In a lawsuit filed on Tuesday, May 15, in the United States District Court for the Western District of North Carolina (Charlotte Division), Charlotte School of Law (CSL) alleges that the American Bar Association (ABA) acted arbitrarily and capriciously in its dealings with CSL, failed to meet statutory and other standards for fairness and due process, and rendered decisions against CSL despite noting CSL’s “strong commitment to academic success.”CSL is represented by former Solicitor General of the United States Paul D. Clement.
“The complaint filed today in federal court alleges that the ABA’s actions against CSL violated the due process required of those wielding accreditation power and caused CSL to be excluded from the Title IV federal loan program, making it impossible for CSL to continue to operate as a law school,” said Kirkland & Ellis’s Clement.

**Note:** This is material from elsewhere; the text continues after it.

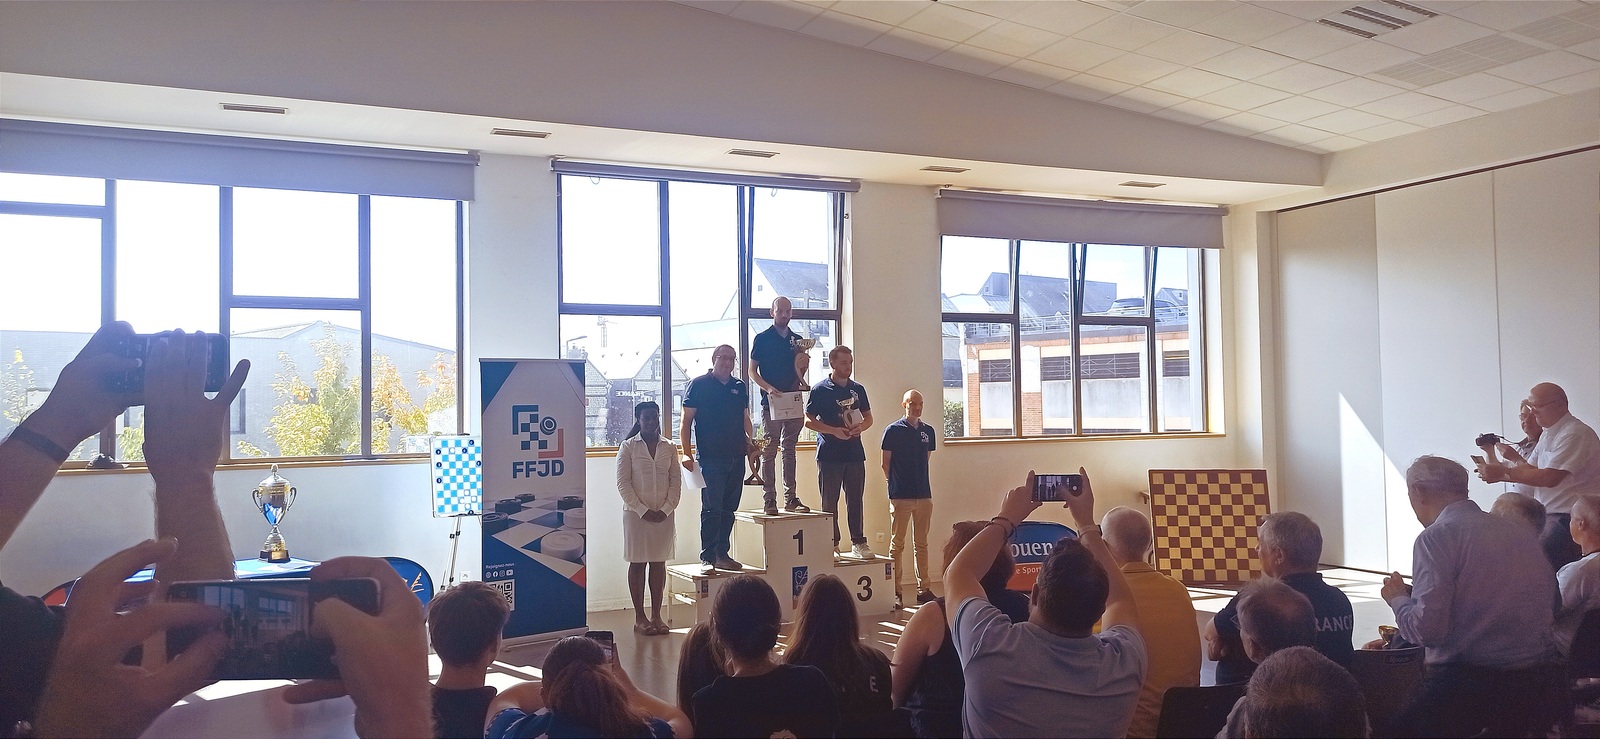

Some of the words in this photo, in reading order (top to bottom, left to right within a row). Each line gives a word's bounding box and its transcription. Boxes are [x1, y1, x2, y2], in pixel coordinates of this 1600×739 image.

[512, 460, 565, 479] FFJD
[793, 530, 804, 555] 1
[1010, 541, 1053, 558] ouen
[856, 575, 873, 602] 3

In November 2016, the ABA took the unprecedented step of placing CSL on probation without providing any explanation for its decision. Moreover, in a complete departure from precedent, the ABA imposed the sanction of probation without a recommendation from the Accreditation Committee. This, and other decisions made by the ABA in disregard of the most basic requirements of due process, caused the Department of Education to terminate CSL’s participation in the Title IV program. This meant that students could no longer obtain federal financial assistance to attend CSL and made it impossible for CSL to continue to operate as a law school.